- **Task description**
Could you write out the data that follows, exactly and in full?

Data extracted from a collection
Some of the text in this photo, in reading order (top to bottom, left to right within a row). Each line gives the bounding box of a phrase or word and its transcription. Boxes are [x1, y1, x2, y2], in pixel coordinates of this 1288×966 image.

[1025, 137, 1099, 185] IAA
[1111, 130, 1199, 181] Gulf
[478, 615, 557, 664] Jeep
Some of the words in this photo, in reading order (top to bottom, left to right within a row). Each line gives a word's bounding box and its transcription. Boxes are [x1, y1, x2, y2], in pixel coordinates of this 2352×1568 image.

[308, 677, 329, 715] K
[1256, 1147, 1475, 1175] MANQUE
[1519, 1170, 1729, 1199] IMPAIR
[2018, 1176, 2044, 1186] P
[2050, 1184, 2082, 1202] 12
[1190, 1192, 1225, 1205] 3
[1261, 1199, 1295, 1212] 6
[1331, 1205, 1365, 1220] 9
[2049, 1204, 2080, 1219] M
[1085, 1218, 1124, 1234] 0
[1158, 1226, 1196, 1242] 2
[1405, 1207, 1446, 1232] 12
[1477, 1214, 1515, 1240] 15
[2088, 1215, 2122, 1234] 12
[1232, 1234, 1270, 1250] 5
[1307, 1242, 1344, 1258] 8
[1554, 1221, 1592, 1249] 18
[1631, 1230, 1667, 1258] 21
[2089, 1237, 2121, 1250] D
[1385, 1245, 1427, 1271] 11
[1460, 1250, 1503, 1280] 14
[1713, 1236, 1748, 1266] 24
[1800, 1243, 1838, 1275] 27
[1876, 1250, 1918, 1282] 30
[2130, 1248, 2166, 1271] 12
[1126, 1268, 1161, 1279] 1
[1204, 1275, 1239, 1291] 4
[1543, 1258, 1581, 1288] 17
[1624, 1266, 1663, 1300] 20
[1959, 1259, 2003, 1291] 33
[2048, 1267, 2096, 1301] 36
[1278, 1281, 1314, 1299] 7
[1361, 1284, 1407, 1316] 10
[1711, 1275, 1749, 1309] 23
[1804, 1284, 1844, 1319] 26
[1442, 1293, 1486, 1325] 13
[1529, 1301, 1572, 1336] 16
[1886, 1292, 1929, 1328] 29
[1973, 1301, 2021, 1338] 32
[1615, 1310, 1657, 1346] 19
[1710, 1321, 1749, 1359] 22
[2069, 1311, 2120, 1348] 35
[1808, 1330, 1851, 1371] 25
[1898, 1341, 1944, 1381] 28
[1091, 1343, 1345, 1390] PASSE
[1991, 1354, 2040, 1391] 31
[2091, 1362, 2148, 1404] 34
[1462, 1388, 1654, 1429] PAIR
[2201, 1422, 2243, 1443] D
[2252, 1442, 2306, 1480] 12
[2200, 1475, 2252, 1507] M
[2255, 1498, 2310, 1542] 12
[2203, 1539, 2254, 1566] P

- **Reply to the exercise**
Some of the text in this photo, in reading order (top to bottom, left to right within a row). Each line gives the bounding box of a phrase or word and its transcription. Boxes are [x1, y1, x2, y2], in pixel coordinates of this 1288×966 image.

[1025, 137, 1099, 185] IAA
[1111, 130, 1199, 181] Gulf
[478, 615, 557, 664] Jeep
Some of the words in this photo, in reading order (top to bottom, left to right within a row). Each line gives a word's bounding box and its transcription. Boxes are [x1, y1, x2, y2], in pixel coordinates of this 2352×1568 image.

[308, 677, 329, 715] K
[1256, 1147, 1475, 1175] MANQUE
[1519, 1170, 1729, 1199] IMPAIR
[2018, 1176, 2044, 1186] P
[2050, 1184, 2082, 1202] 12
[1190, 1192, 1225, 1205] 3
[1261, 1199, 1295, 1212] 6
[1331, 1205, 1365, 1220] 9
[2049, 1204, 2080, 1219] M
[1085, 1218, 1124, 1234] 0
[1158, 1226, 1196, 1242] 2
[1405, 1207, 1446, 1232] 12
[1477, 1214, 1515, 1240] 15
[2088, 1215, 2122, 1234] 12
[1232, 1234, 1270, 1250] 5
[1307, 1242, 1344, 1258] 8
[1554, 1221, 1592, 1249] 18
[1631, 1230, 1667, 1258] 21
[2089, 1237, 2121, 1250] D
[1385, 1245, 1427, 1271] 11
[1460, 1250, 1503, 1280] 14
[1713, 1236, 1748, 1266] 24
[1800, 1243, 1838, 1275] 27
[1876, 1250, 1918, 1282] 30
[2130, 1248, 2166, 1271] 12
[1126, 1268, 1161, 1279] 1
[1204, 1275, 1239, 1291] 4
[1543, 1258, 1581, 1288] 17
[1624, 1266, 1663, 1300] 20
[1959, 1259, 2003, 1291] 33
[2048, 1267, 2096, 1301] 36
[1278, 1281, 1314, 1299] 7
[1361, 1284, 1407, 1316] 10
[1711, 1275, 1749, 1309] 23
[1804, 1284, 1844, 1319] 26
[1442, 1293, 1486, 1325] 13
[1529, 1301, 1572, 1336] 16
[1886, 1292, 1929, 1328] 29
[1973, 1301, 2021, 1338] 32
[1615, 1310, 1657, 1346] 19
[1710, 1321, 1749, 1359] 22
[2069, 1311, 2120, 1348] 35
[1808, 1330, 1851, 1371] 25
[1898, 1341, 1944, 1381] 28
[1091, 1343, 1345, 1390] PASSE
[1991, 1354, 2040, 1391] 31
[2091, 1362, 2148, 1404] 34
[1462, 1388, 1654, 1429] PAIR
[2201, 1422, 2243, 1443] D
[2252, 1442, 2306, 1480] 12
[2200, 1475, 2252, 1507] M
[2255, 1498, 2310, 1542] 12
[2203, 1539, 2254, 1566] P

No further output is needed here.